§ Exercise objective: Copy all the records word for word, apart from any pictures.

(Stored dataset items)
▼
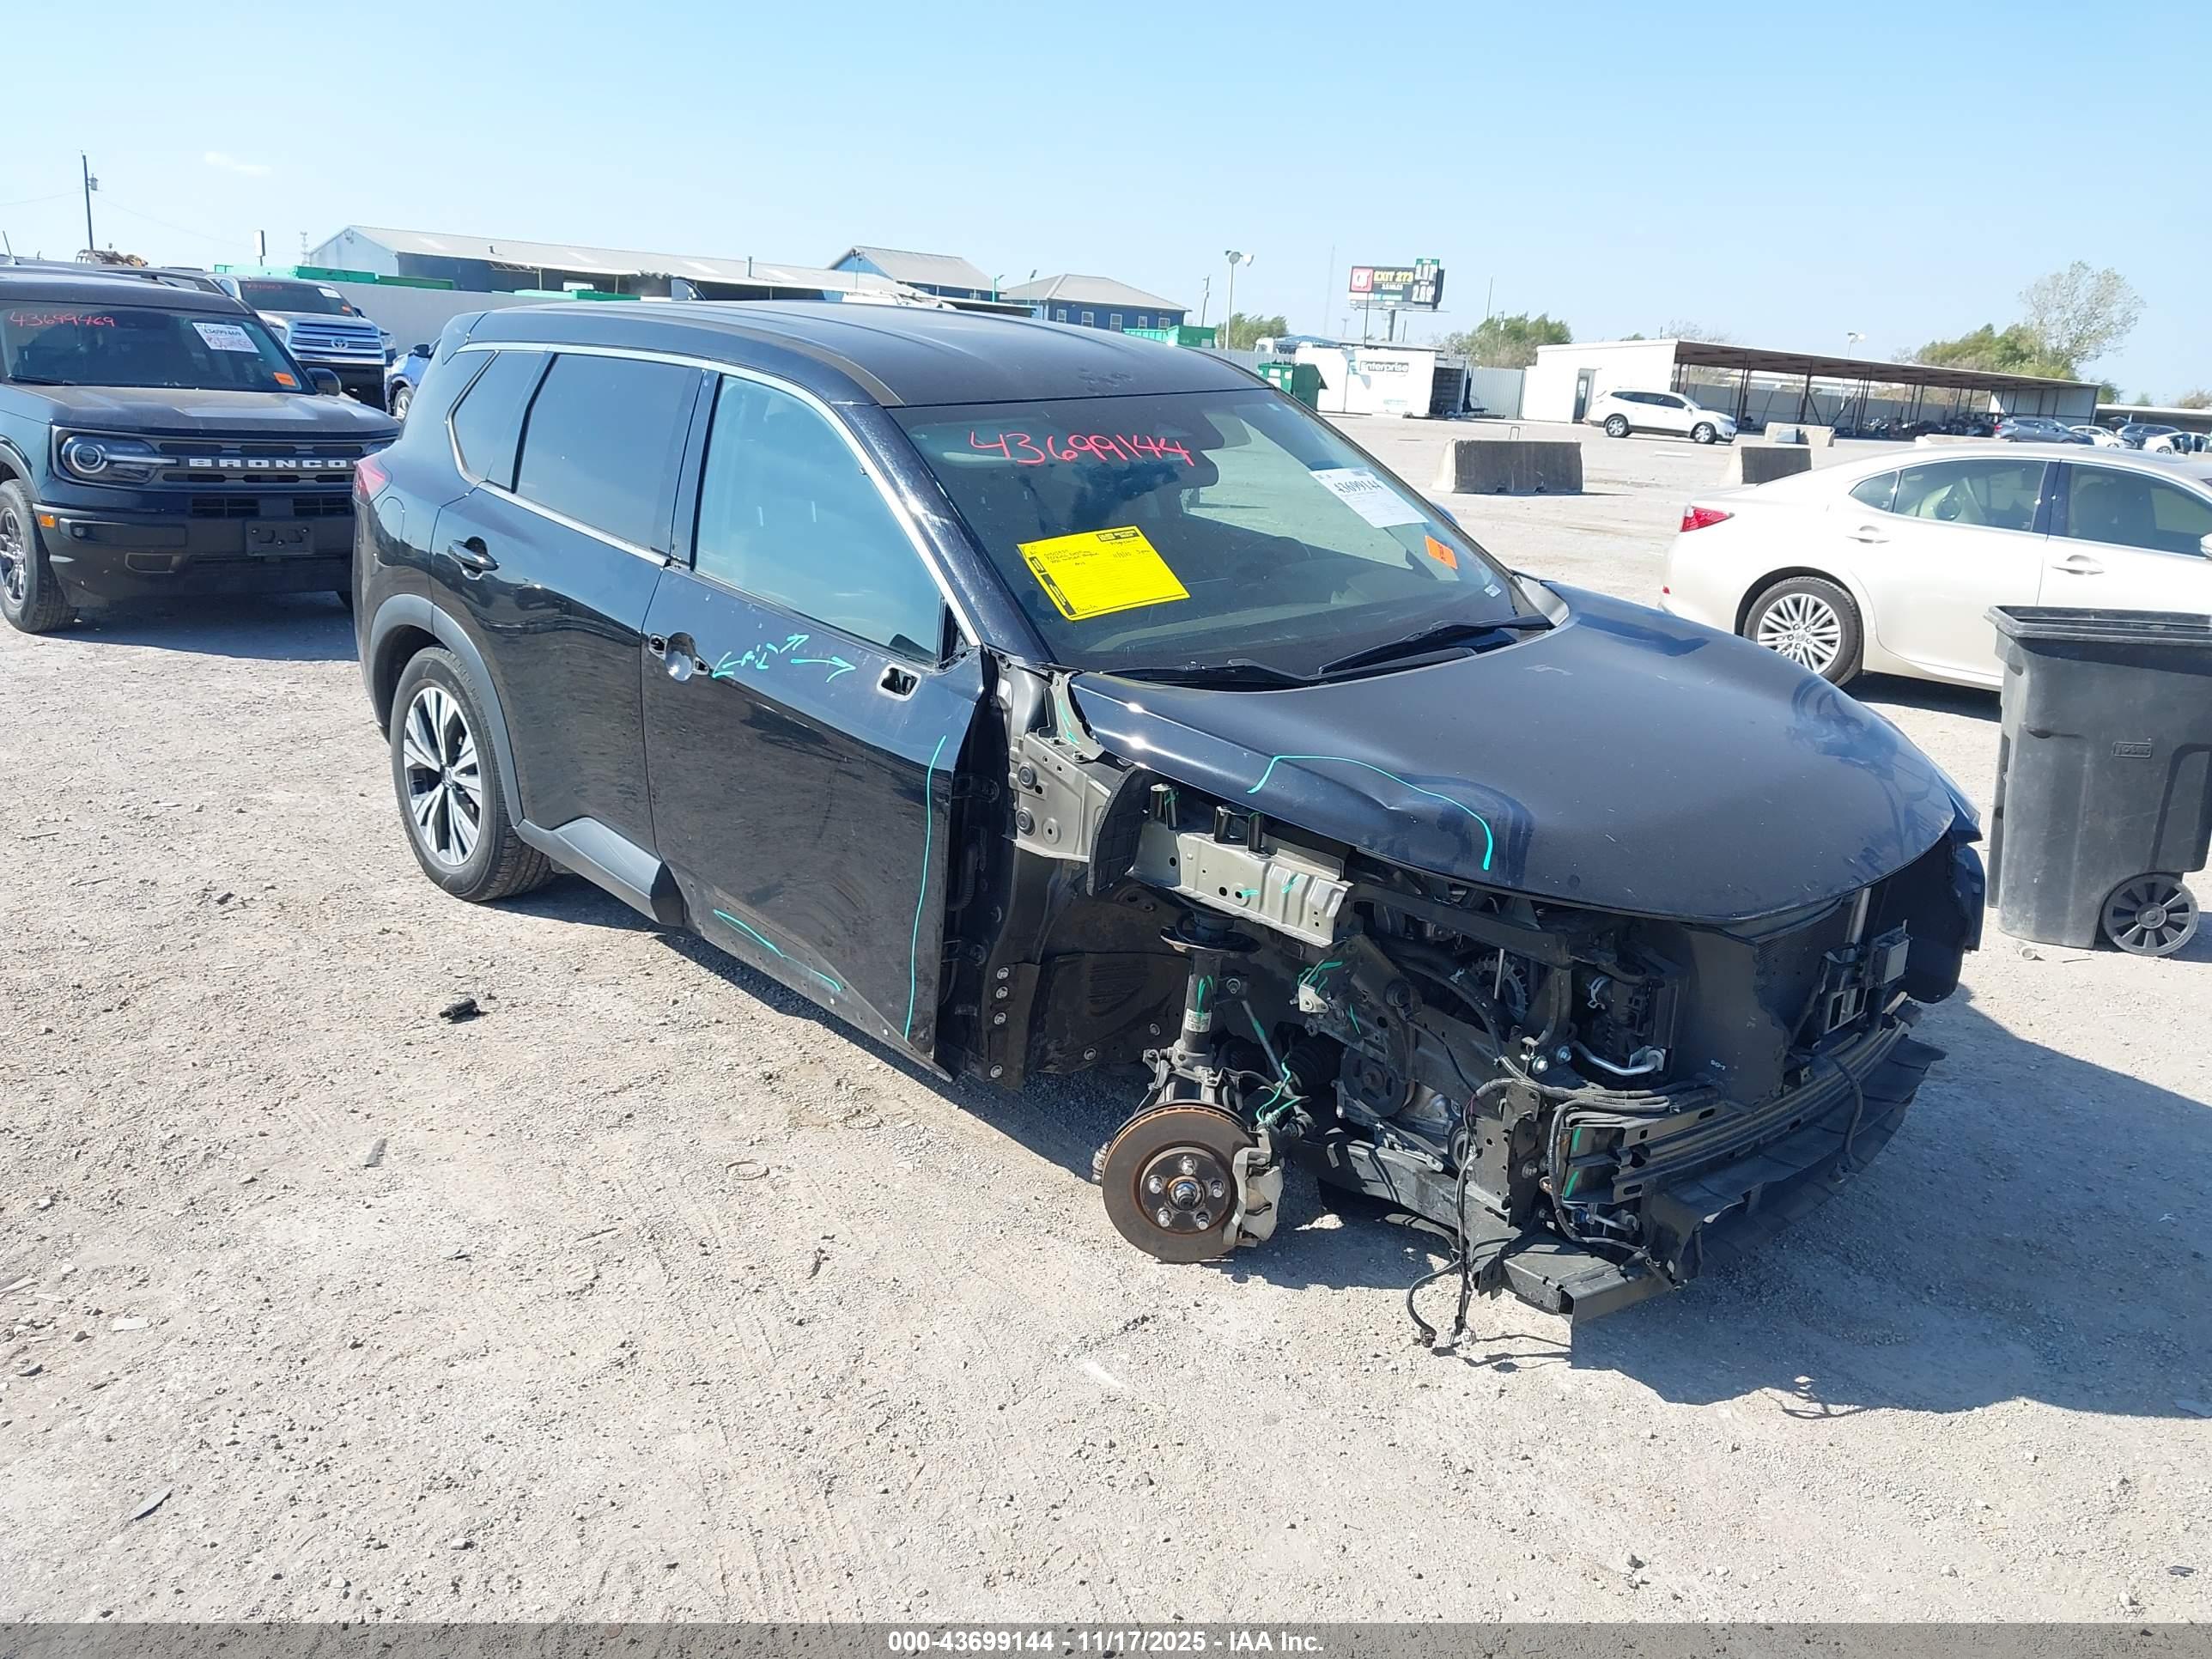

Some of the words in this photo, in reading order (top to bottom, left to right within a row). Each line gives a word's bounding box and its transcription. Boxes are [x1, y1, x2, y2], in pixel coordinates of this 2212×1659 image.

[10, 311, 115, 327] 43699469
[1360, 361, 1409, 373] Enterprise
[970, 431, 1195, 467] 43699144
[188, 458, 347, 468] BRONCO
[1334, 480, 1383, 494] 43699144
▲
§ Answer to this exercise:
Some of the words in this photo, in reading order (top to bottom, left to right within a row). Each line gives a word's bounding box and its transcription. Boxes are [x1, y1, x2, y2], in pixel coordinates of this 2212×1659 image.

[10, 311, 115, 327] 43699469
[1360, 361, 1409, 373] Enterprise
[970, 431, 1195, 467] 43699144
[188, 458, 347, 468] BRONCO
[1334, 480, 1383, 494] 43699144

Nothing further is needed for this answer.